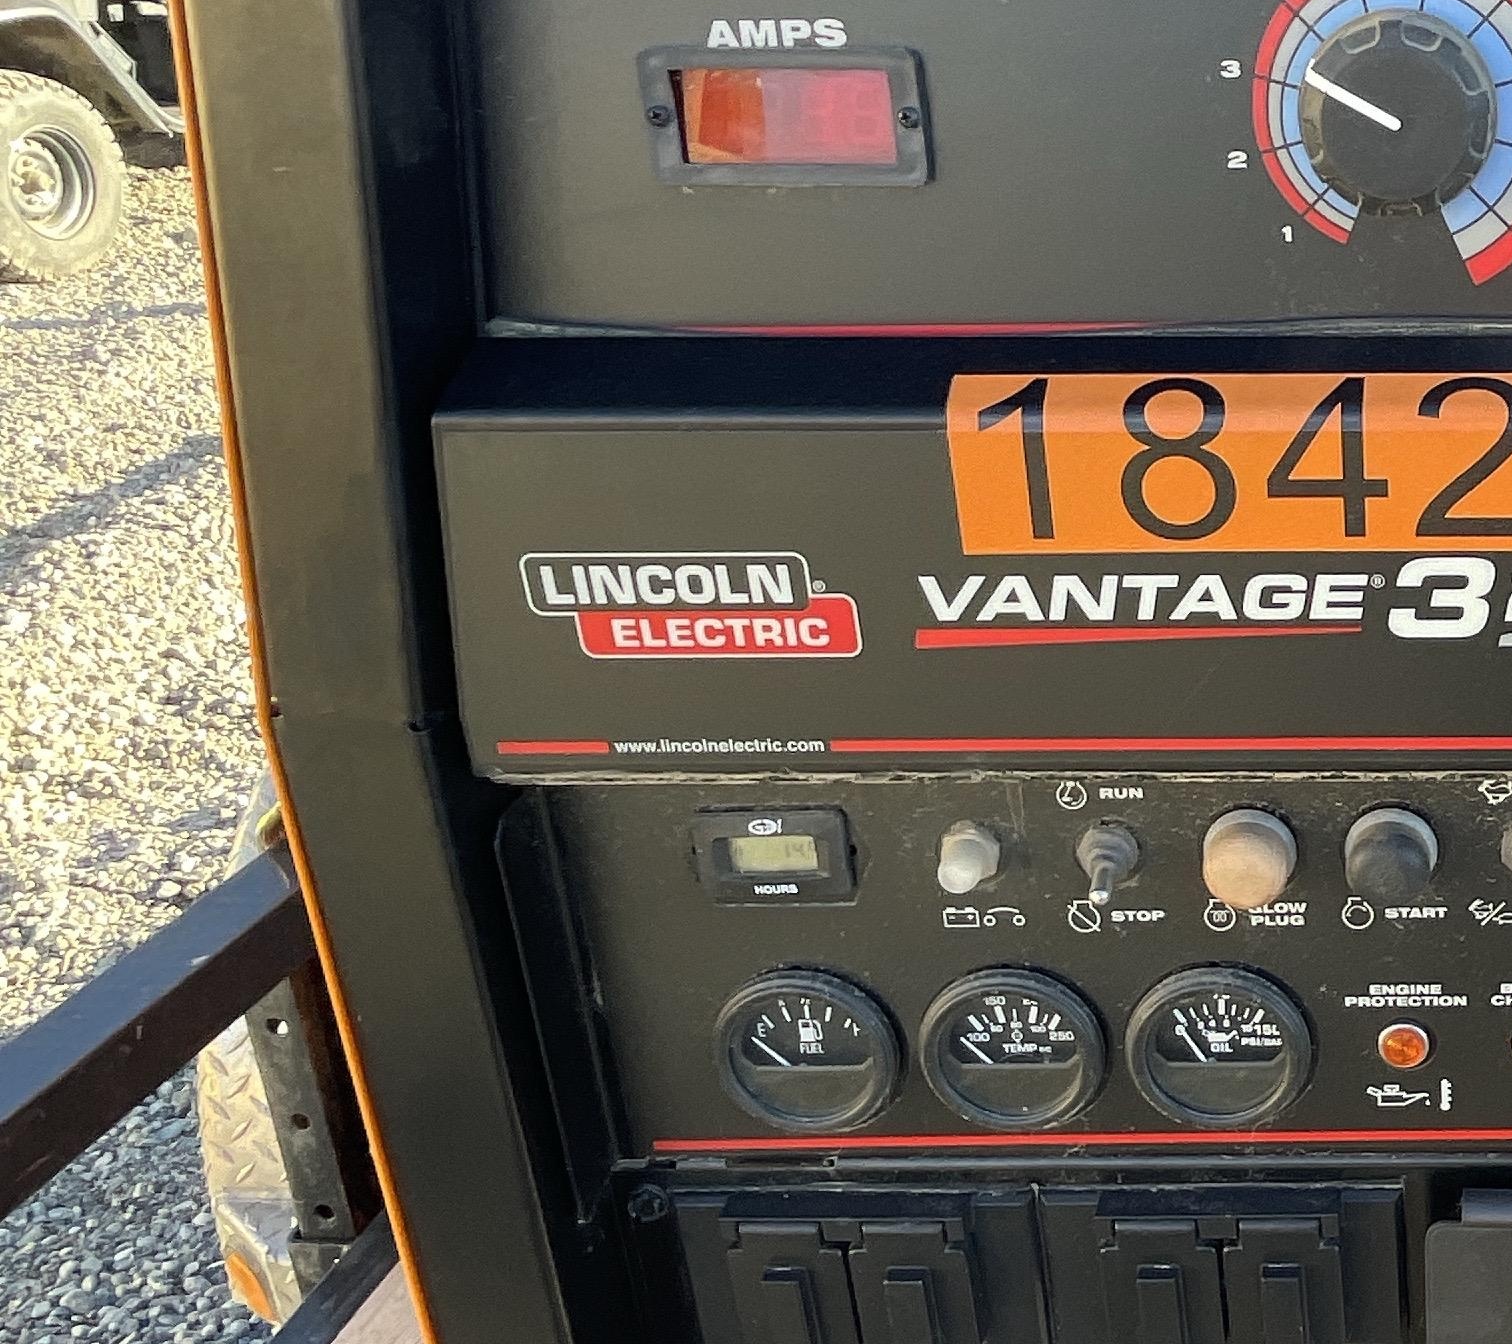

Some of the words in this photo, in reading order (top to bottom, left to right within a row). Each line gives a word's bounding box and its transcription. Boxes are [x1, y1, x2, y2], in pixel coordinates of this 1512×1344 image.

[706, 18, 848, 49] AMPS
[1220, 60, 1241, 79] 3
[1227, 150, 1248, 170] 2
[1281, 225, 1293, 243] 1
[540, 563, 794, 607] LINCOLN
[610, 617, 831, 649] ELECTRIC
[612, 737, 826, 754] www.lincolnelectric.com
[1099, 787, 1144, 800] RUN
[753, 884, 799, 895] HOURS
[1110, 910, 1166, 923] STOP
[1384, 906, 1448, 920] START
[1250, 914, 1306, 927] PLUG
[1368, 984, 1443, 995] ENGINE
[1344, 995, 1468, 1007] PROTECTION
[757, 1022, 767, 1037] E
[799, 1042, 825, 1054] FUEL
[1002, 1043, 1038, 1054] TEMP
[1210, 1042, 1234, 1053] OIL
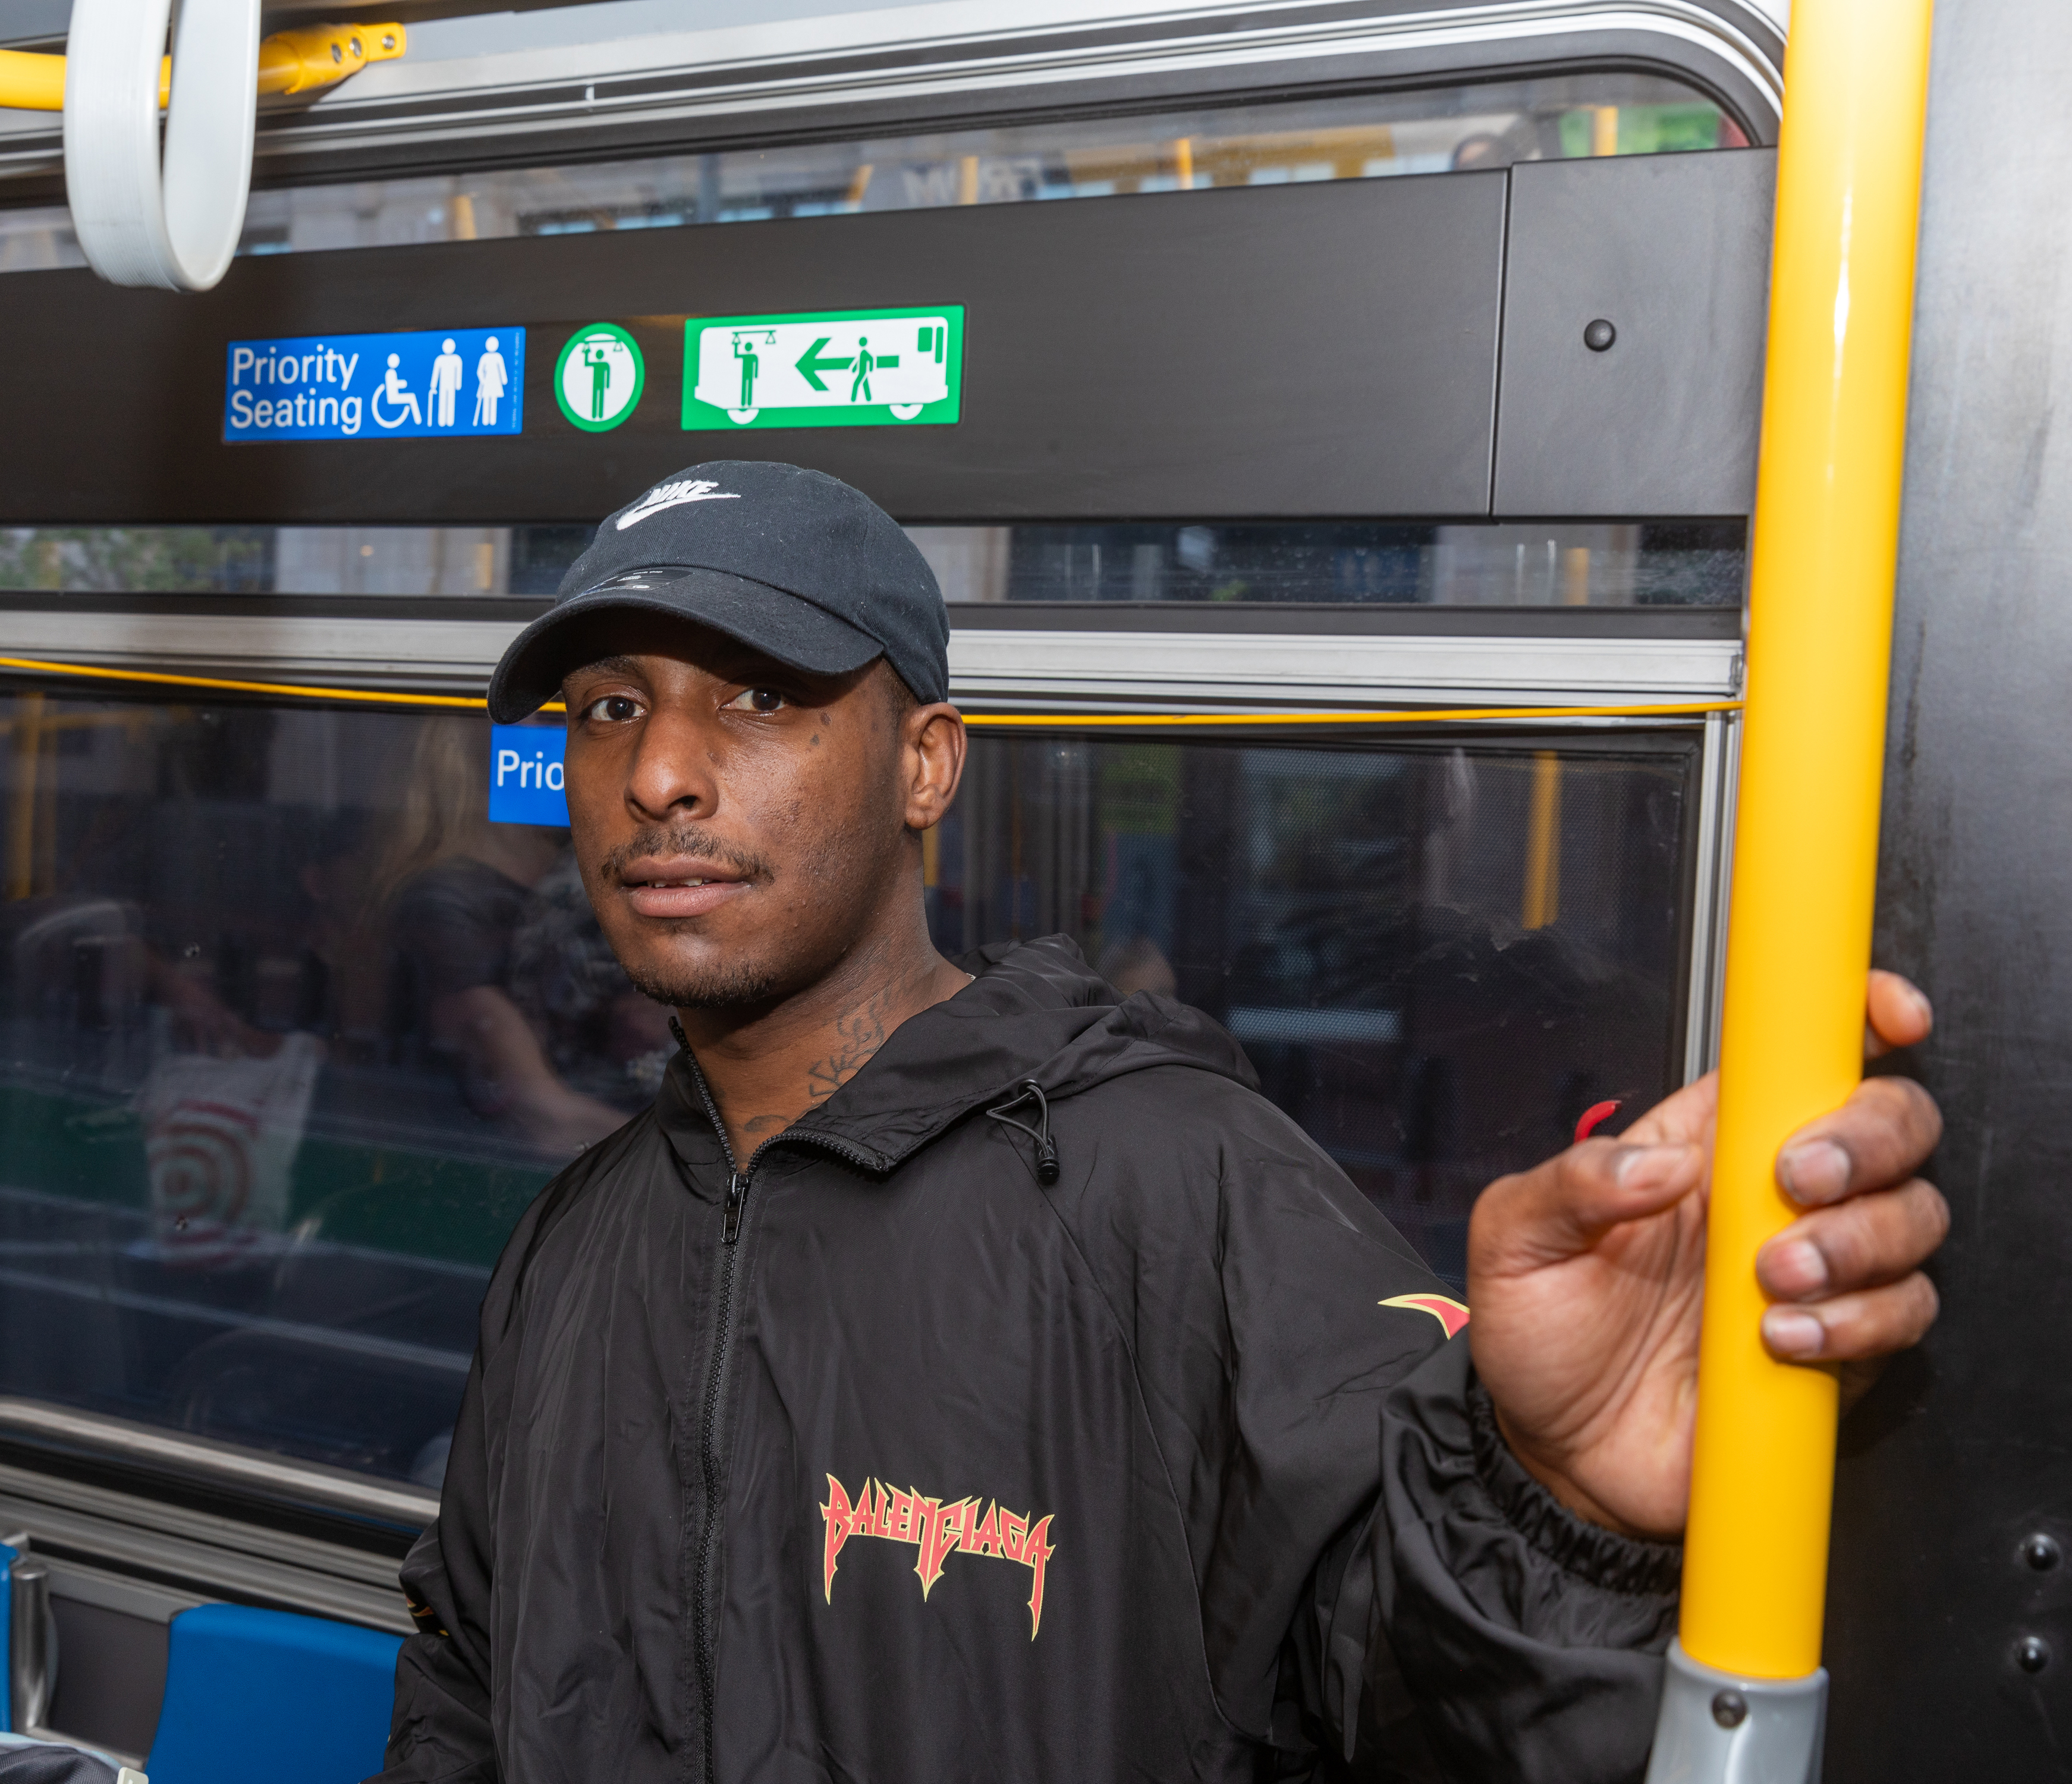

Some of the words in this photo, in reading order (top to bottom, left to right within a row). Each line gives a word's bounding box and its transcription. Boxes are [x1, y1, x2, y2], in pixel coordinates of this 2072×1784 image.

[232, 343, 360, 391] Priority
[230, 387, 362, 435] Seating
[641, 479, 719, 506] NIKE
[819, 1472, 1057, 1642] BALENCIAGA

_ _ _ _

# [Work order]
Only the records, copied exactly and without pictures, should make up the answer.

# [Your response]
Some of the words in this photo, in reading order (top to bottom, left to right within a row). Each line gives a word's bounding box and its transcription. Boxes are [x1, y1, x2, y2], in pixel coordinates of this 1512×1344 image.

[706, 18, 848, 49] AMPS
[1220, 60, 1241, 79] 3
[1227, 150, 1248, 170] 2
[1281, 225, 1293, 243] 1
[540, 563, 794, 607] LINCOLN
[610, 617, 831, 649] ELECTRIC
[612, 737, 826, 754] www.lincolnelectric.com
[1099, 787, 1144, 800] RUN
[753, 884, 799, 895] HOURS
[1110, 910, 1166, 923] STOP
[1384, 906, 1448, 920] START
[1250, 914, 1306, 927] PLUG
[1368, 984, 1443, 995] ENGINE
[1344, 995, 1468, 1007] PROTECTION
[757, 1022, 767, 1037] E
[799, 1042, 825, 1054] FUEL
[1002, 1043, 1038, 1054] TEMP
[1210, 1042, 1234, 1053] OIL

Some of the words in this photo, in reading order (top to bottom, left to right within a row). Each line gives a word's bounding box and its transcription. Boxes are [x1, y1, x2, y2], in pixel coordinates of this 2072×1784 image.

[232, 343, 360, 391] Priority
[230, 387, 362, 435] Seating
[641, 479, 719, 506] NIKE
[819, 1472, 1057, 1642] BALENCIAGA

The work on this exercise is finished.